Des sombres faits révélés par ces semaines d’enquête, dont le seigneur encore vert et naïf par moments n’aurait jamais imaginé lever le voile sur la moitié, aux lubies d’une Reine soudainement éprise d’une volonté égalitaire inconvenante - un Jury ? Le Chancelier avait accédé à sa demande, mais se questionnait encore sur le caractère saugrenu de cette décision - à un seigneur désireux d’offrir ses services à défendre un homme qu’Eudes estimait bien plus que nécessaire capable de manier le verbe à son compte, qui entamait la contre-attaque face à l’accusation avant même que le procès ne tint place, et que le jeune neir’a’than peinait à reconnaître dans son attitude actuelle - probablement un désir brûlant d’éviter à Karan d’être désigné à la vindicte populaire avant même que le procès n’eût lieu, ce que le seigneur de La Malnouë trouvait louable - mais pesait sur ses épaules déjà voûtées par le poids de ses découvertes. Il se sentait également atrocement tiraillé, entre serments prononcés et Justice, entre ce qui était Bien et ce qui était Droit. Quelle était la Juste Voie ? Seul l’Ange Rédempteur en personne aurait pu l’en assurer, mais ses prières restaient ces derniers jours désespérément sans réponse…

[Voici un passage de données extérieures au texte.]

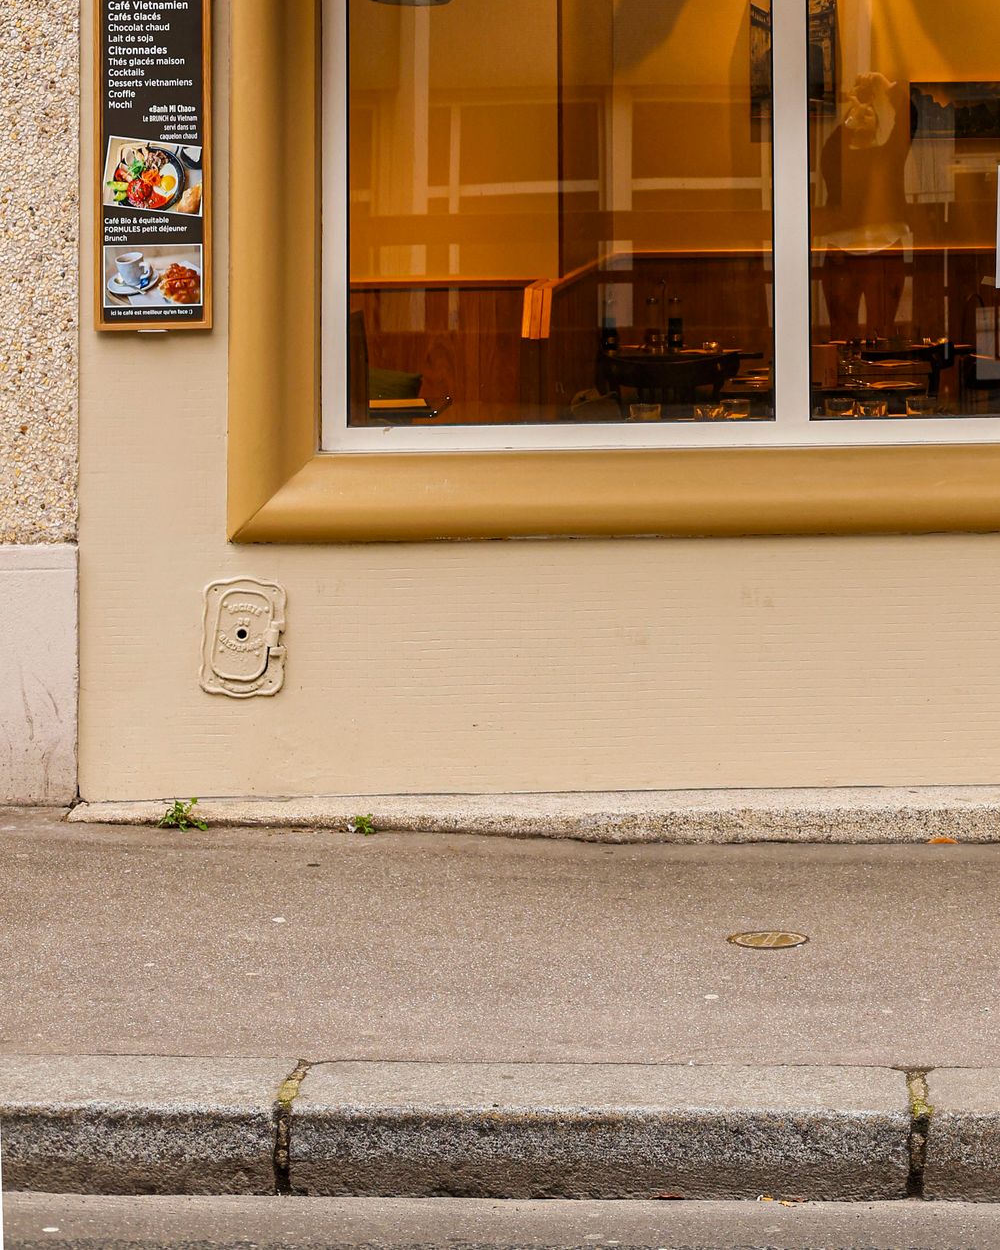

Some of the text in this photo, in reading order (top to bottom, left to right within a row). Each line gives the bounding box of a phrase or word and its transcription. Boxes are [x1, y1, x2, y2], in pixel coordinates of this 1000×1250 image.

En cet instant le Hiérarque de la Tour Couronnée tourna fugacement la tête, et aperçut son reflet dans un délicat miroir posé à quelque distance sur un mobilier. Eclairé par les flammes de l’âtre à l’autre bout de la pièce, ses traits tirés faisaient en cet instant peine à voir, ses cernes creusés lui donnant un air émacié et il avait probablement perdu plusieurs livres dans l’affaire, et la ressemblance n’en fût que plus frappante : voilà qu’il contemplait l’image de son père quelques années plus tôt dans le miroir ! Le magnifique chevalier Foulques au Fléau, qui n’était alors plus que l’ombre de lui-même affaibli des mois durant par les élixirs d’un prétendu soigneur de Valésianne, semblait lui rendre un sourire las. Il savait pourtant son père occupé à parcourir les terres, cherchant signes d’un passage récent de son frère d’armes Des Armoises, ou à découvrir un prometteur chevalier qui pourrait porter hautes les Vertus des Sans Epées à ses côtés. Mélancolique à cette pensée, le Chancelier se remit à l’ouvrage en soupirant. Milles choses encore à faire et à penser ! Cette nouvelle nuit promettait de s’étirer en longueur…
***
Un messager portant la livrée de la chancellerie entra en salle du trône, s’inclinant devant la Reine, alors même que son maître s’accordait un couple d’heures de repos, exténué par l’ampleur de la tâche. Le garçon déroula un vélin qu'il commença à lire à l'assemblée présente, d’une voix claire mais entraînée, et résonnant étonnamment bien dans la salle :
"Nobles dames et seigneurs, comme il a sans doute déjà été porté à votre connaissance va bientôt être instruit le procès du Seigneur Liétald de Karan, la Justice Royale ayant été saisie par son altesse royale en personne.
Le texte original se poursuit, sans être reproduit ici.